Savoring the rich chocolate, I watch two squirrels playing in the grass. Then I look back across the road toward Whitehall at the pedestrians, men in suits, a few women. They walk with purpose, going to their jobs and other places in their lives. Sitting on the park bench with my ice cream, I suddenly feel very helpless and silly. What am I going to do with my life now? It is a question I have never had to answer. Growing up in our village, my future had been presumed: marriage, to someone of a similar, lower-class, Jewish background, perhaps slightly better off if I was lucky. Then children, as many as could be had. That had all changed when the Nazis had come. Even after the war, my plans had not been wholly my own; I agreed to come to London at Dava’s insistence, then later accepted Paul’s proposal to marry him and move to America.

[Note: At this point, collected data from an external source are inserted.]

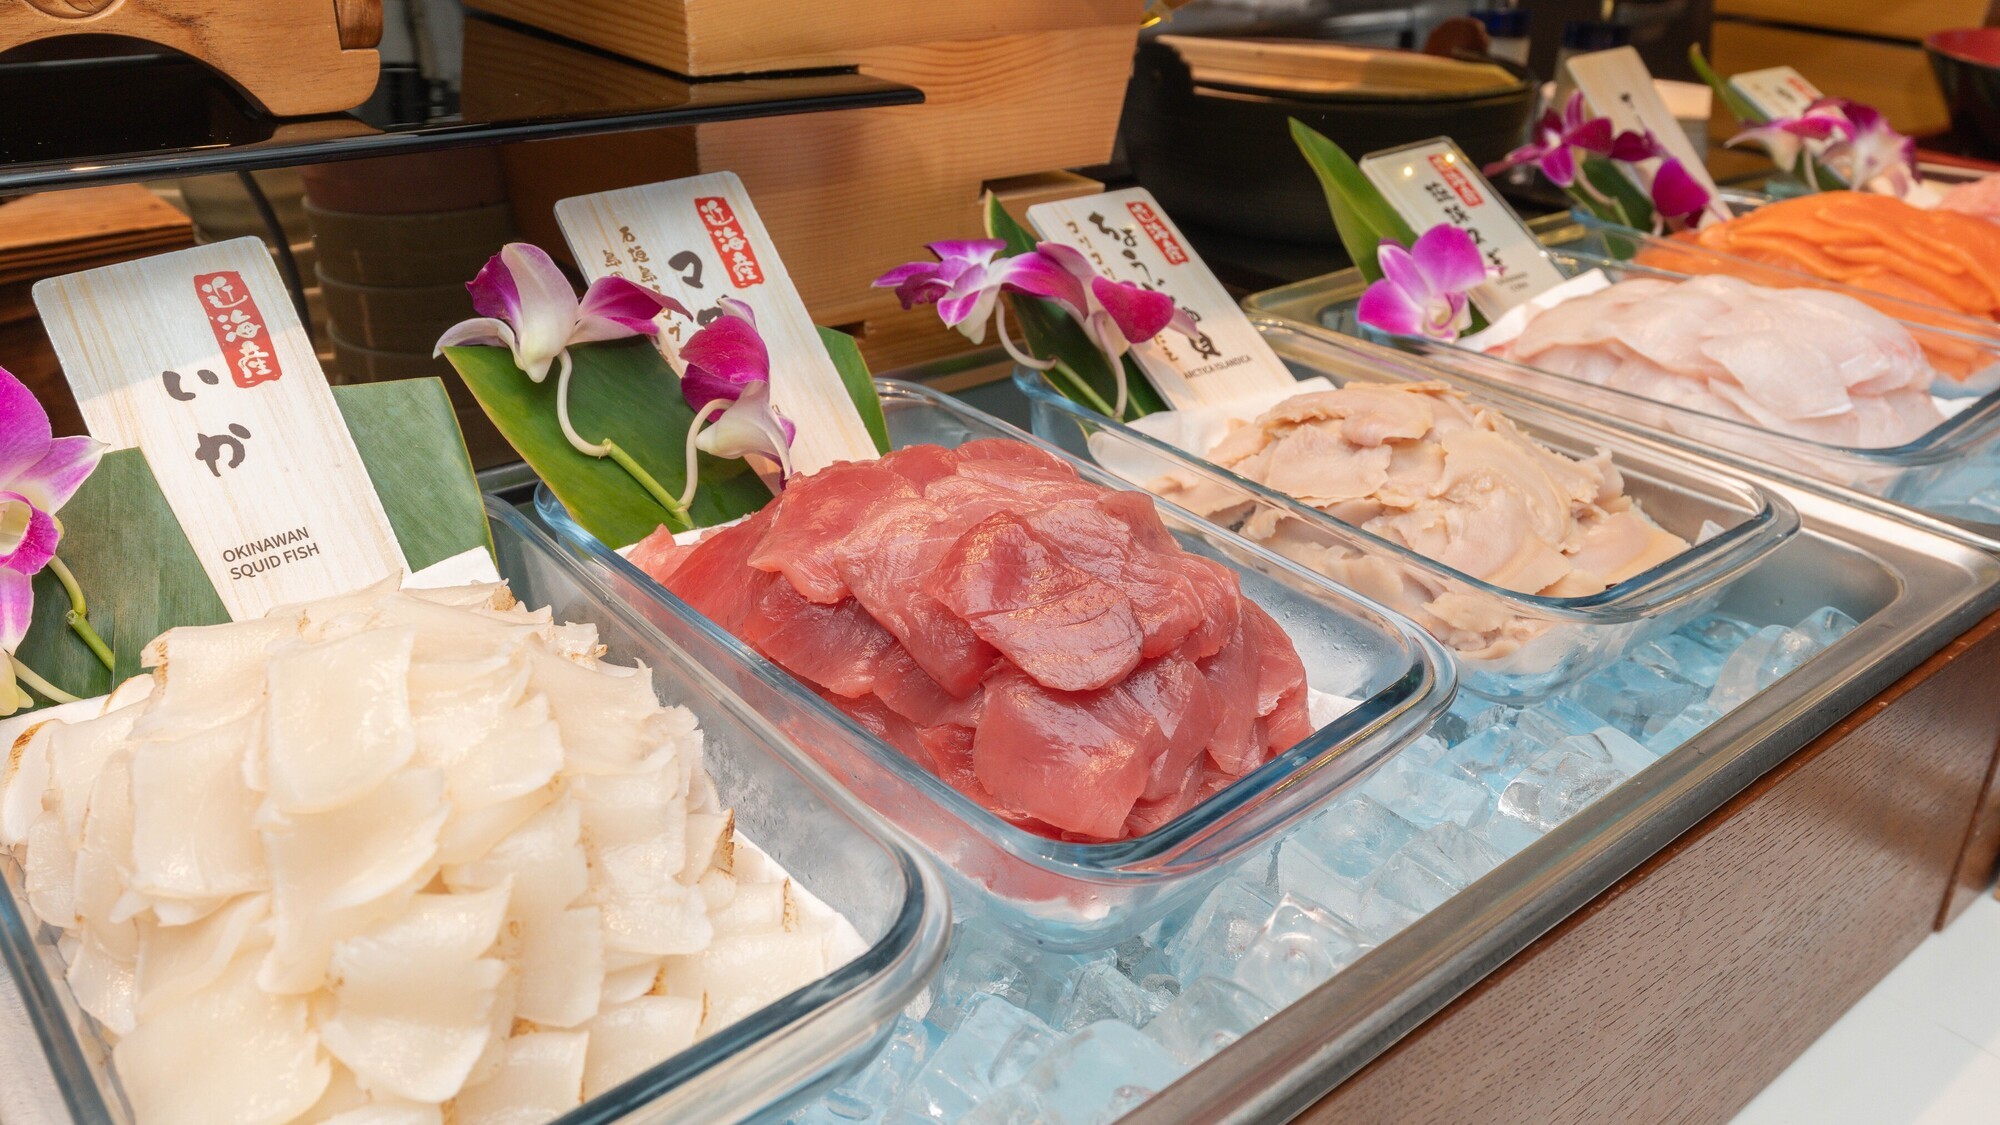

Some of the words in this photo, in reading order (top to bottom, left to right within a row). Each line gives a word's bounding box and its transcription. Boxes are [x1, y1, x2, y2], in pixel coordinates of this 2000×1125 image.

[700, 199, 758, 284] 近海産
[201, 275, 272, 378] 近海産
[162, 369, 251, 477] いか
[222, 526, 310, 563] OKINAWAN
[229, 555, 281, 580] SQUID
[283, 542, 320, 565] FISH

Now, for the first time, there is no one telling me what to do or offering me a plan. I have been at Delia’s house for nearly a month, first waiting for Paul and then mourning him. I cannot impose on her hospitality forever. But where can I go? There is nothing for me in Poland, or in Salzburg anymore. I could apply for a visa to Palestine. Or to America. I imagine meeting Paul’s family, paying my respects. But I have no money for the trip, no means of survival once I am there. And Paul’s family would hardly welcome a strange immigrant girl, even if she was wearing their dead son’s dog tags. We were engaged so quickly I doubt he even had time to let them know about me. To those who loved and will remember him, I never existed. My eyes burn with tears.

Enough. I cannot think about that, not now. Staying in England, where I have a roof over my head, makes the most sense. But I need to get a job, earn some money of my own so I can offer to pay for room and board. It will not be easy. I know from the papers and my conversations with Delia that with the soldiers returning and the economy still struggling to recover, it is hard for women to find work at all right now, much less a girl with a heavy accent and no experience. But Delia knows people, can make inquiries for me. A job in a shop. Boarding with Delia. My head swims. It is not the life I had expected. But it is a life.

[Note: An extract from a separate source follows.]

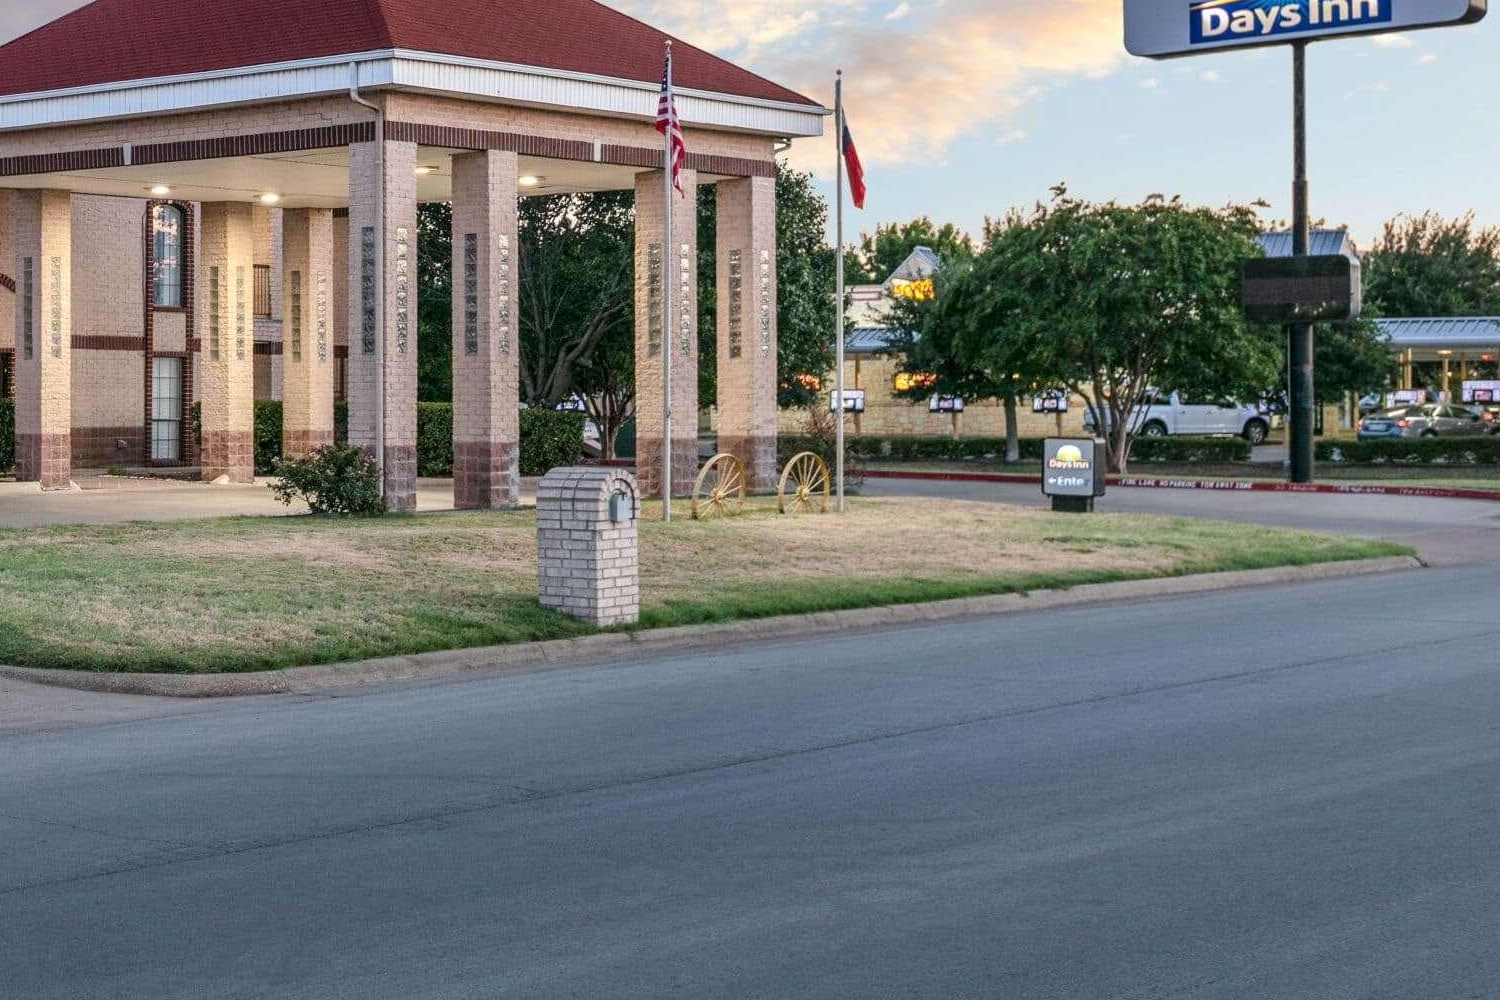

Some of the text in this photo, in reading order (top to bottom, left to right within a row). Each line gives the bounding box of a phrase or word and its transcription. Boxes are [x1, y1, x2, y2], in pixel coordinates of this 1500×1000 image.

[1201, 3, 1301, 37] Days
[1049, 459, 1089, 469] Days Inn

Across the park, I spy a group of American soldiers taking pictures of Westminster Abbey. For a second my heart leaps. What if one of them was Paul, if we were magically reunited as we had been in Paris that day? But of course that is impossible. I look down at the ice-cream cone, suddenly disgusted by its gooey sweetness. I walk to the nearest bin to throw it away.

“You know, that’s very wasteful,” a male voice says from behind me. I freeze, wondering for a second if my fantasy has come true, if Paul really is there. But the accent is British.

Unexpectedly I am angry. It is my ice-cream cone. How dare some stranger tell me what to do? “That’s none of your…” I turn to confront the stranger. Simon, the diplomat from the ship, stands behind me. “Oh!”

“Simon Gold,” he says. He steps forward and, before I can react, takes my free hand and kisses it. “We met on the boat.”

“Of course,” I reply, caught off guard. I remember our conversation over tea, my telling him of my engagement to Paul. It seems like a million years ago.

“My office is just around the corner.” He gestures vaguely toward Whitehall. “I was just out for my daily constitutional.” I cock my head, unfamiliar with the term. “It means walk,” he explains.

“Oh.” I feel something cold and sticky running down my hand. The ice cream has begun to melt.

“And I was only trying to say that Mitchell’s homemade ice cream is too good to be wasted.” I nod, too surprised to respond. “But it looks like that cone’s had it.” He reaches out and takes the melting cone from my hand. Holding it at arm’s length so as not to drip on his light-gray suit, he tosses it in the trash bin. “Wait here.” I watch as Simon walks quickly over to the vendor where I purchased the ice-cream cone. I am glad to see him, I realize with surprise. A familiar face. A minute later, he returns with two steaming cups. “Here,” he says, handing me a napkin. I wipe my hands. “I thought maybe the ice cream had been too cold, so I took the liberty of getting us some tea.”